9 mars. Dans un café madrilène. Malgré le Coronavirus, l’énergie espagnole est encore perceptible dans les lieux publics. Mon bonheur à retrouver cette langue qui me semble si claire, cristalline même, en regard du portugais, une langue que j’ai plaisir à lire, à écouter lorsqu’elle est chantée mais qui lorsqu’elle est parlée ne m’est pas toujours agréable.

 

10 mars. Cinq heures passées au Museo Nacional Thyssen-Bornemisza. Un même émerveillement devant les mêmes peintures parmi lesquelles le portrait en pied de David Lyon par Sir Thomas Lawrence et celui de Millicent Leveson-Gower, duchess of Sutherland, par John Singer Sargent, mais aussi devant ce paysage de moorland du Néerlandais Anton Mauve, devant les vedute de Francesco Guardi où je me suis tant promené en allant du détail à l’ensemble et de l’ensemble au détail.

 

Anton Mauve (1885-1888), « Crossing the Heath », au Museo Nacional Thyssen-Bornemisza.

 

11 mars. Tandis que je déambule dans le Museo Nacional Centro de Arte Reina Sofia, un constat implacable s’impose à moi : les maîtres anciens ont moins vieilli que les maîtres modernes exclusivement occupés à des recherches théoriques. Je les ai beaucoup étudiés et toujours avec avidité. Mais avec le recul je m’interroge sur mon intérêt sans pour autant le condamner. L’art moderne est fait d’idées et rien que d’idées. C’est intéressant mais l’idée limitée à elle-même a tôt fait de vieillir. Les maîtres anciens étaient eux aussi guidés par des idées mais des idées qui n’étaient pas limitées à elles-mêmes et qui avaient une épaisseur, disons, charnelle – elles n’étaient pas qu’ossatures.

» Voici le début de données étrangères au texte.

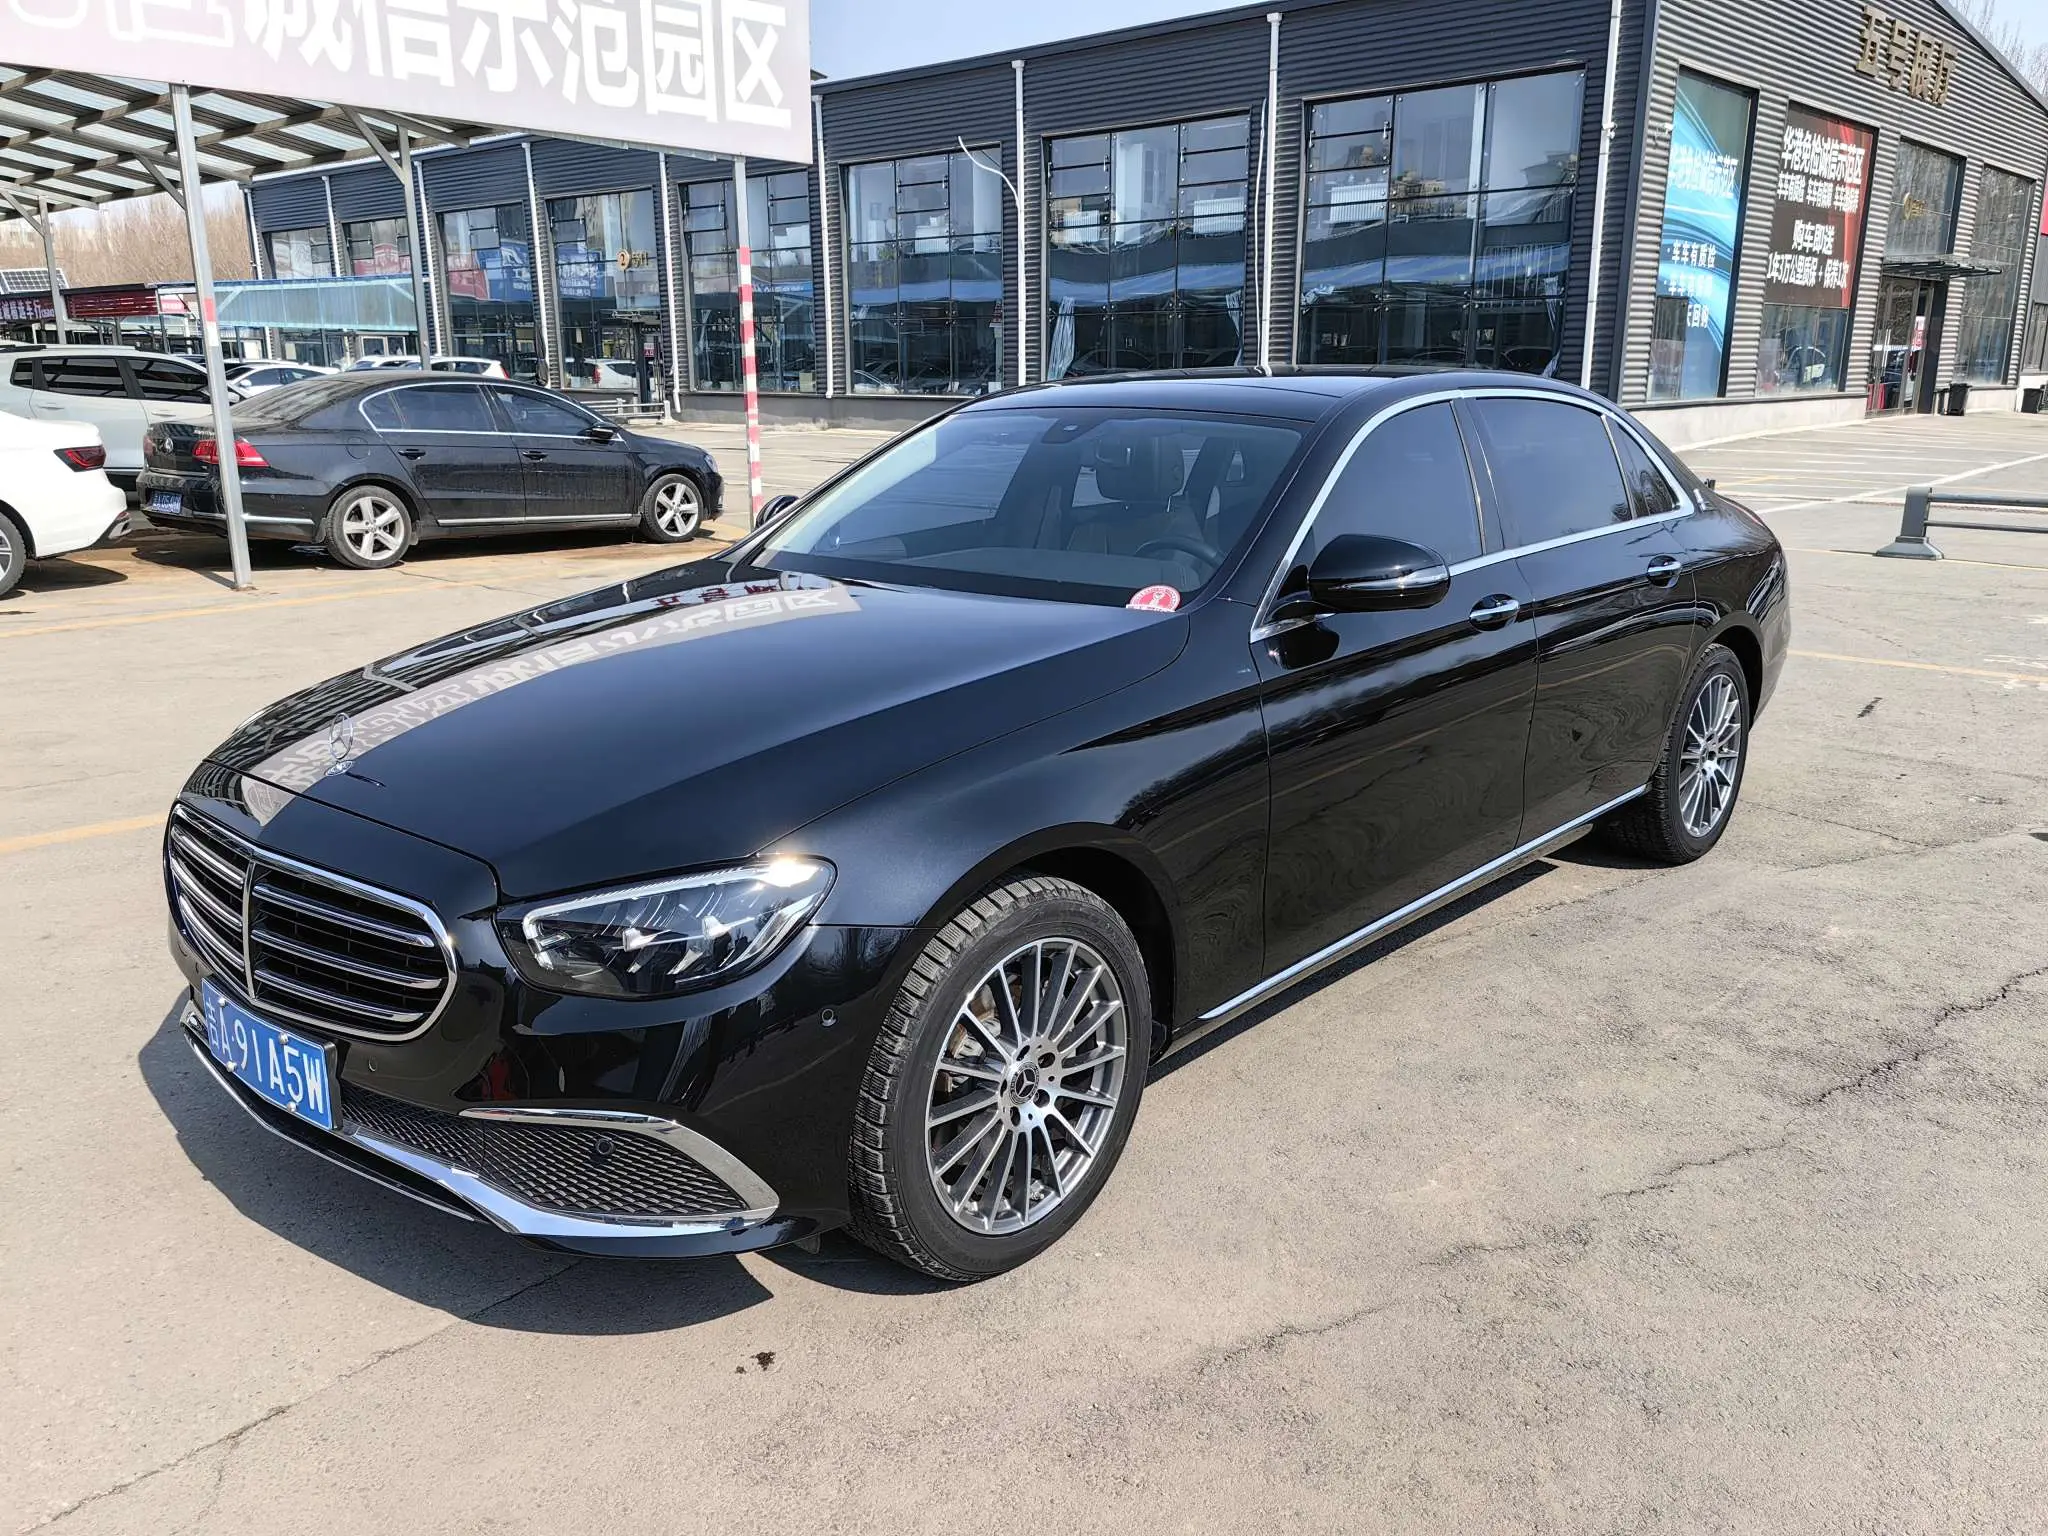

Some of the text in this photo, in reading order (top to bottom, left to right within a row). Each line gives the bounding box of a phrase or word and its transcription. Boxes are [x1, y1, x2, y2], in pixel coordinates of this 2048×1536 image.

[10, 0, 792, 129] 诚信示范园区
[1856, 5, 1959, 107] 五号展厅
[1781, 125, 1865, 185] 华港免检诚信示范区
[1671, 239, 1716, 268] 车车有质检
[1792, 219, 1835, 255] 购车即送

Et tandis que je déambule dans cet ensemble construit sous Carlos III (par José de Hermosilla et, surtout, Francisco Sabatini, un architecte qui a particulièrement marqué la capitale espagnole), dans cet ensemble véritablement colossal, la tristesse me prend devant ces suites d’œuvres qui me semblent dérisoires lorsque je pense aux maîtres anciens vus hier, dérisoires aussi dans ces salles dont certaines ont des dimensions de basilique. Puis un malaise s’installe. J’en viens à penser que ces salles ont été le lieu de souffrances immenses. Combien y ont agonisé ? Combien y ont rendu leur dernier soupir ? Je pense d’un coup au Sanatorio de Sierra Espuña, à ces phénomènes paranormaux, des phénomènes auxquels je ne suis guère sensible mais que je ne traite pas pour autant avec dédain.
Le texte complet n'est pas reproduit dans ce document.